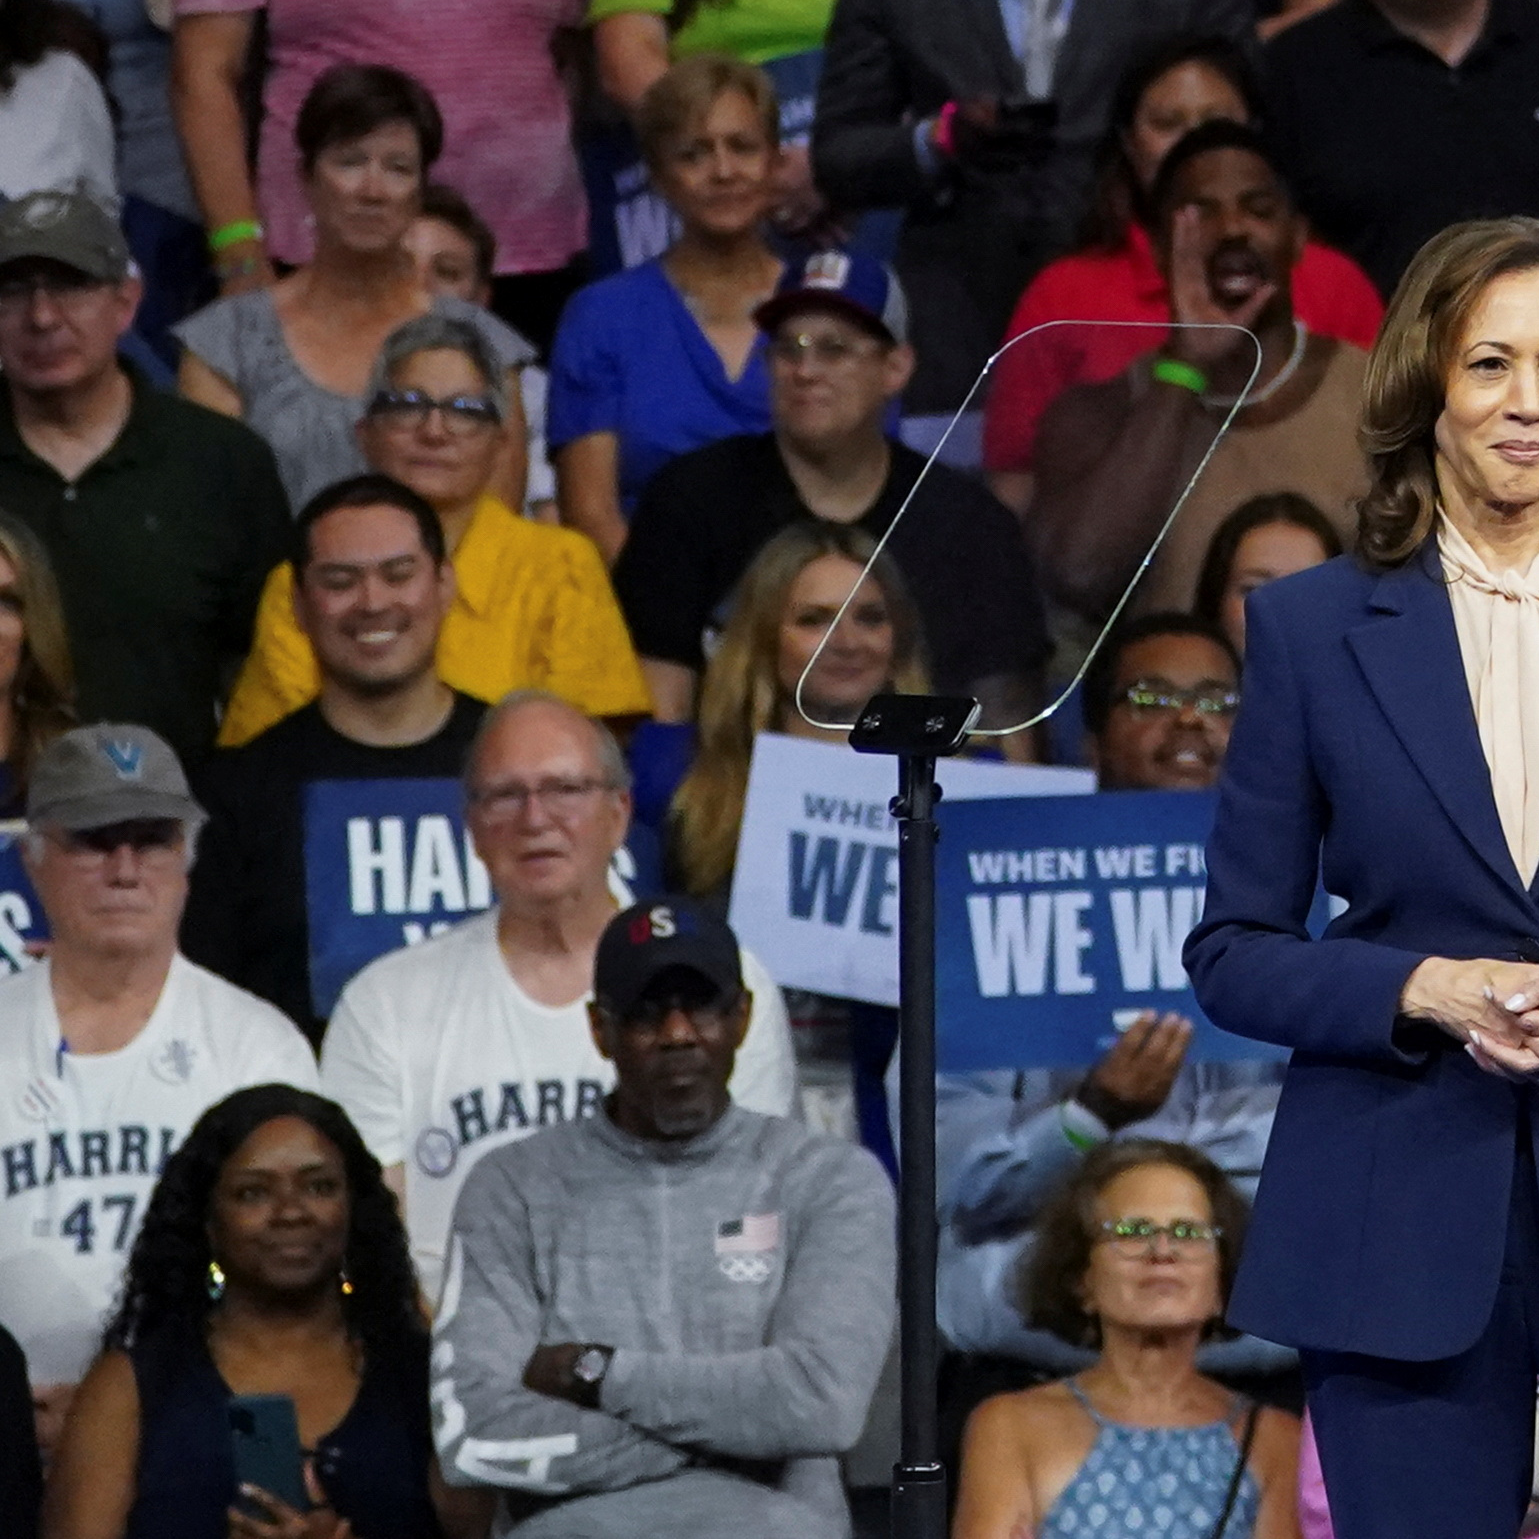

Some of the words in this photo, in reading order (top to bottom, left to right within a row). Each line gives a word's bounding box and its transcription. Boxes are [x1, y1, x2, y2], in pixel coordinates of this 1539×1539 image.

[788, 831, 899, 938] WE
[968, 847, 1087, 885] WHEN
[1093, 844, 1158, 879] WE
[1164, 841, 1206, 877] FI
[966, 888, 1096, 998] WE
[1109, 885, 1206, 991] W
[452, 1079, 603, 1147] HARR
[2, 1125, 176, 1200] HARRI
[60, 1193, 136, 1254] 47
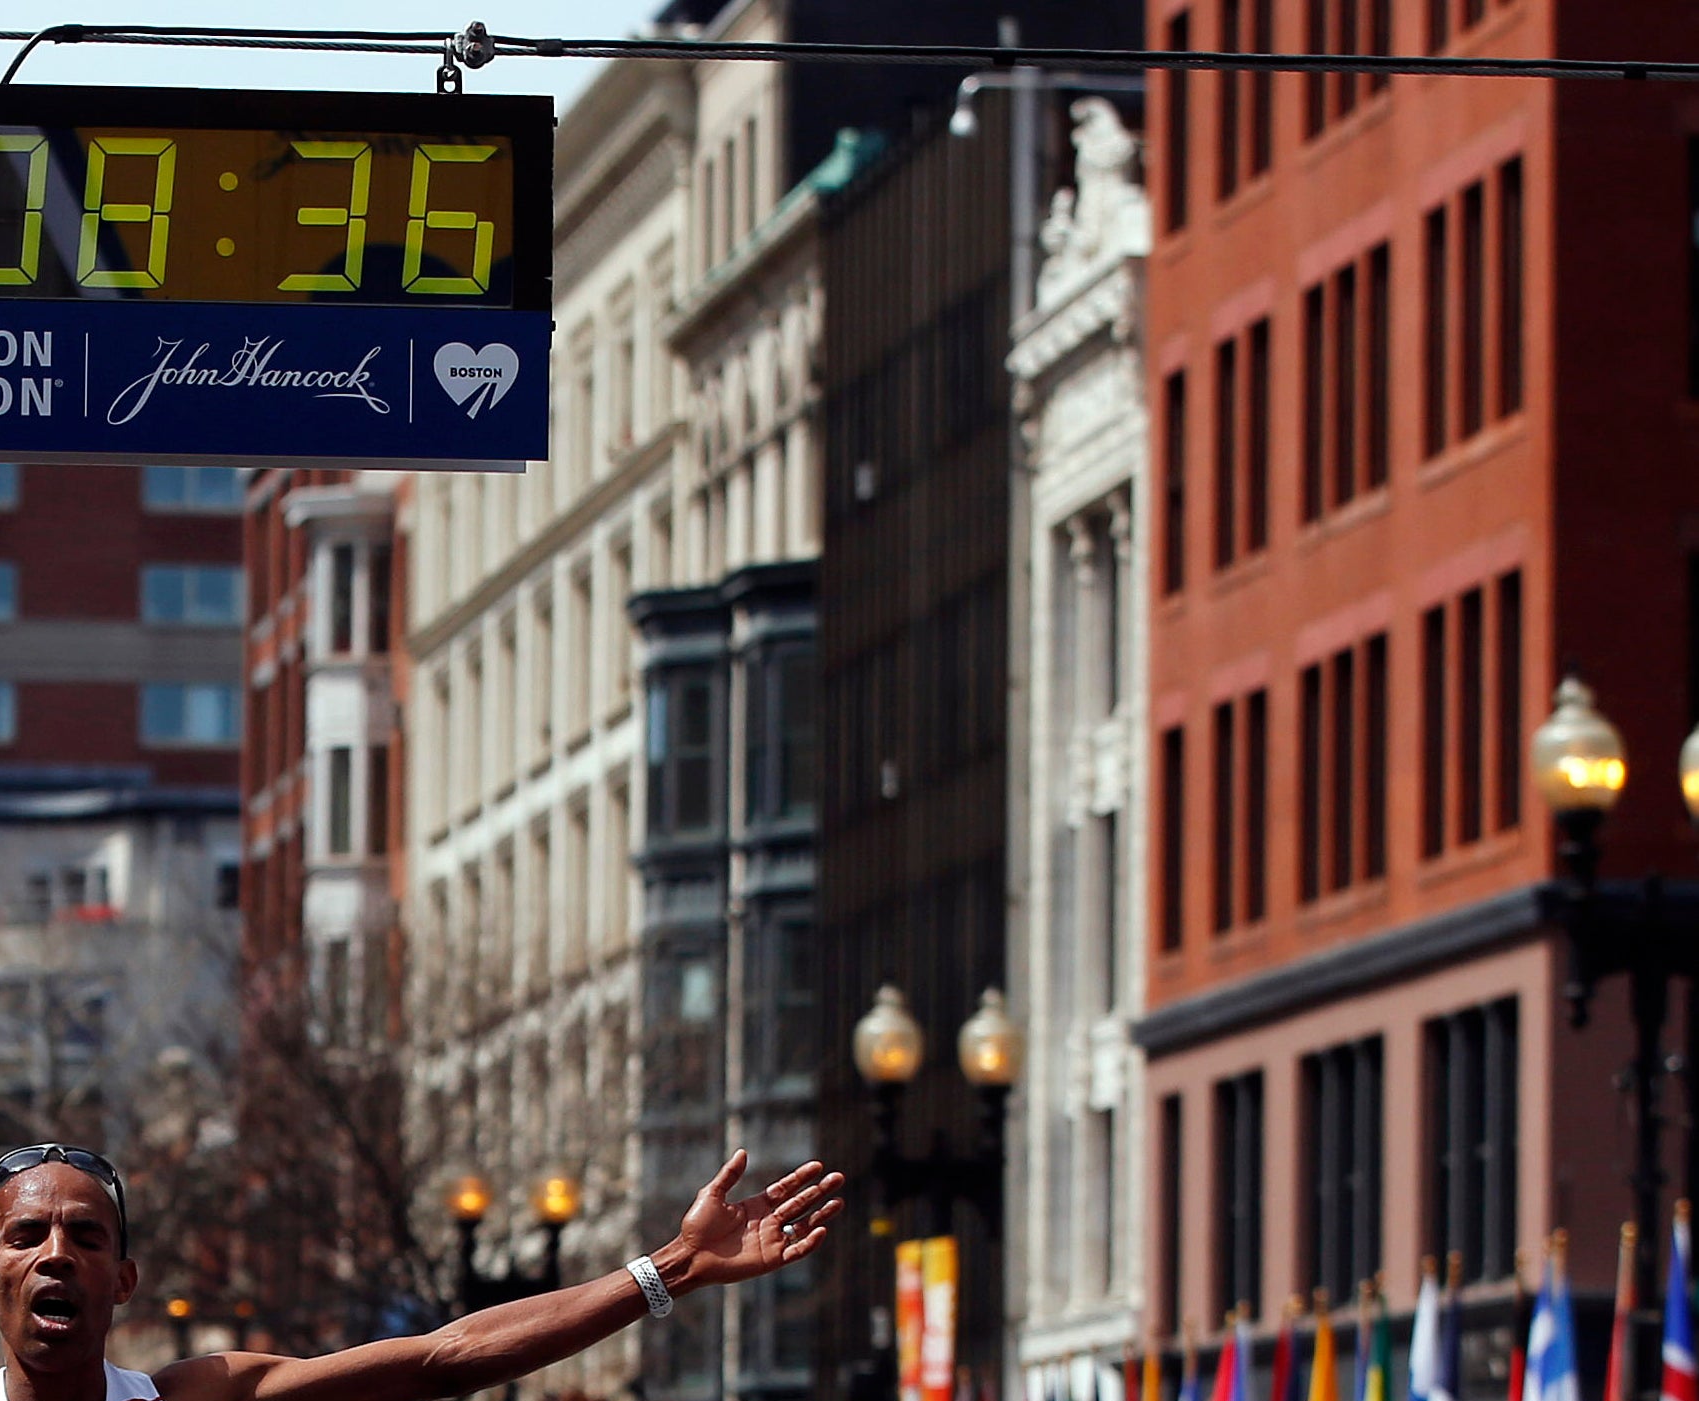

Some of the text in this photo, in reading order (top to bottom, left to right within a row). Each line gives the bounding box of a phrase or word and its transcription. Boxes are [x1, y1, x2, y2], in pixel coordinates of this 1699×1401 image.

[107, 335, 390, 425] John Hancock
[450, 366, 502, 379] BOSTON
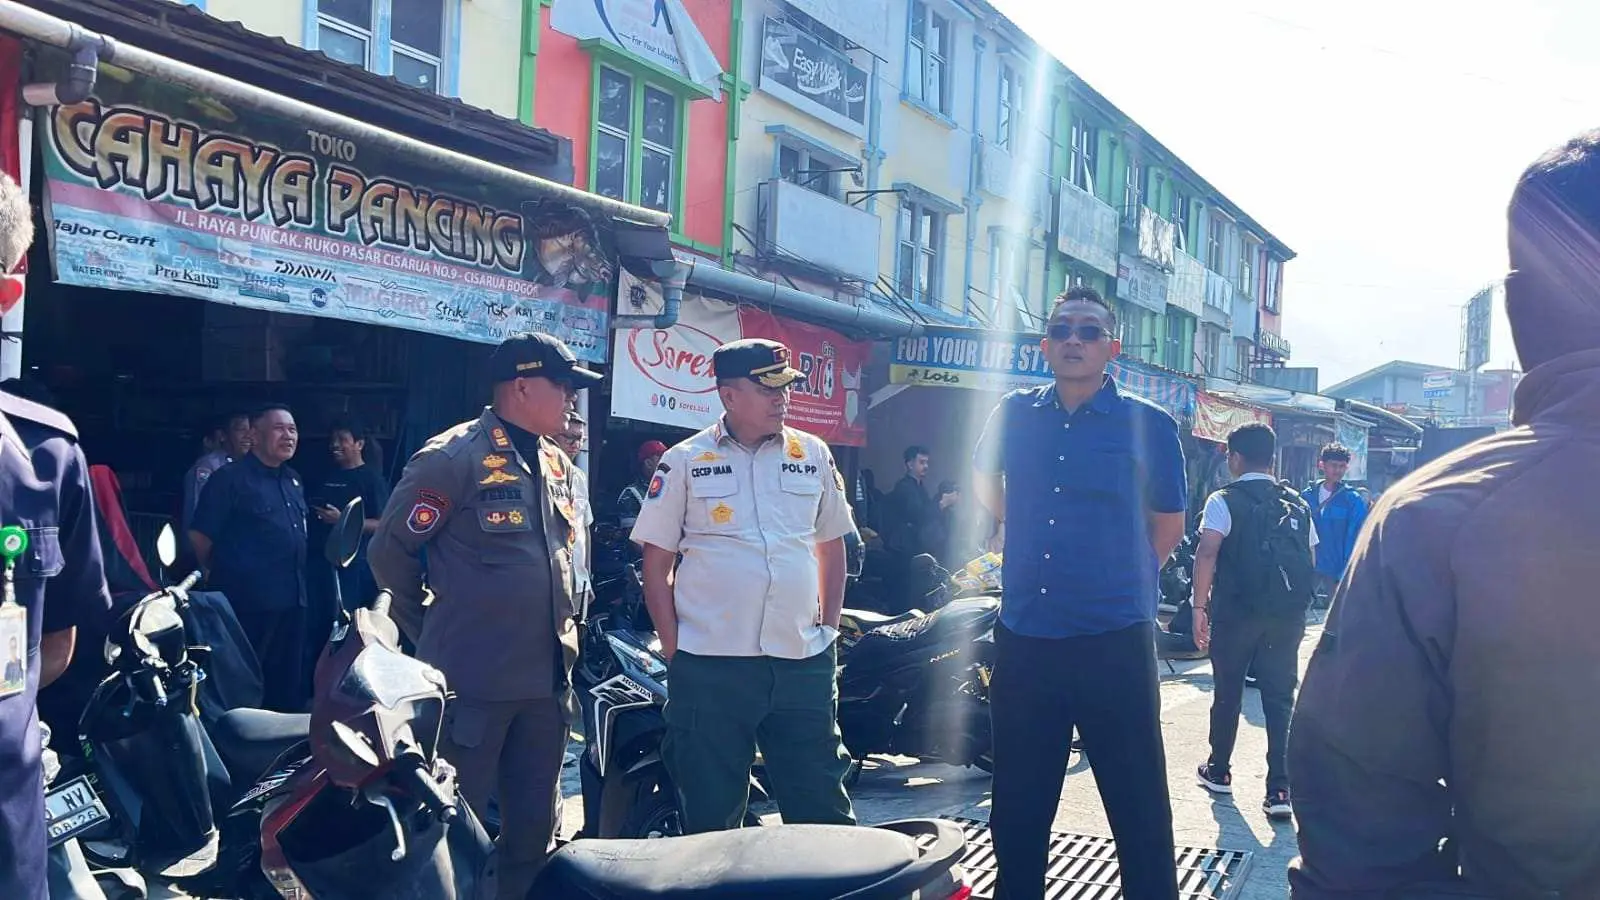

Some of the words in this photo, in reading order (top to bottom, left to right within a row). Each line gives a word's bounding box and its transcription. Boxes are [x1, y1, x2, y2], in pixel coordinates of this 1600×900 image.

====================

**What to produce:** Output every entry above verbatim, but leave out the pictures.

**Result of this exercise:**
Some of the words in this photo, in reading order (top to bottom, left to right within a row). Each line gives a word's bounding box and its transcription. Boxes are [x1, y1, x2, y2], in pixel coordinates of this 1539×1539 image.

[788, 831, 899, 938] WE
[968, 847, 1087, 885] WHEN
[1093, 844, 1158, 879] WE
[1164, 841, 1206, 877] FI
[966, 888, 1096, 998] WE
[1109, 885, 1206, 991] W
[452, 1079, 603, 1147] HARR
[2, 1125, 176, 1200] HARRI
[60, 1193, 136, 1254] 47

Some of the text in this photo, in reading order (top to bottom, left to right within a row). Each line gives the bounding box of a phrase or word and its transcription. Boxes are [x1, y1, x2, y2], in pixel coordinates of this 1699×1401 image.

[107, 335, 390, 425] John Hancock
[450, 366, 502, 379] BOSTON

Some of the words in this photo, in reading order (top to bottom, left to right within a row). Each line gives a word's bounding box and its transcription. Boxes are [x1, y1, x2, y2], in pixel coordinates of this 1600×900 image.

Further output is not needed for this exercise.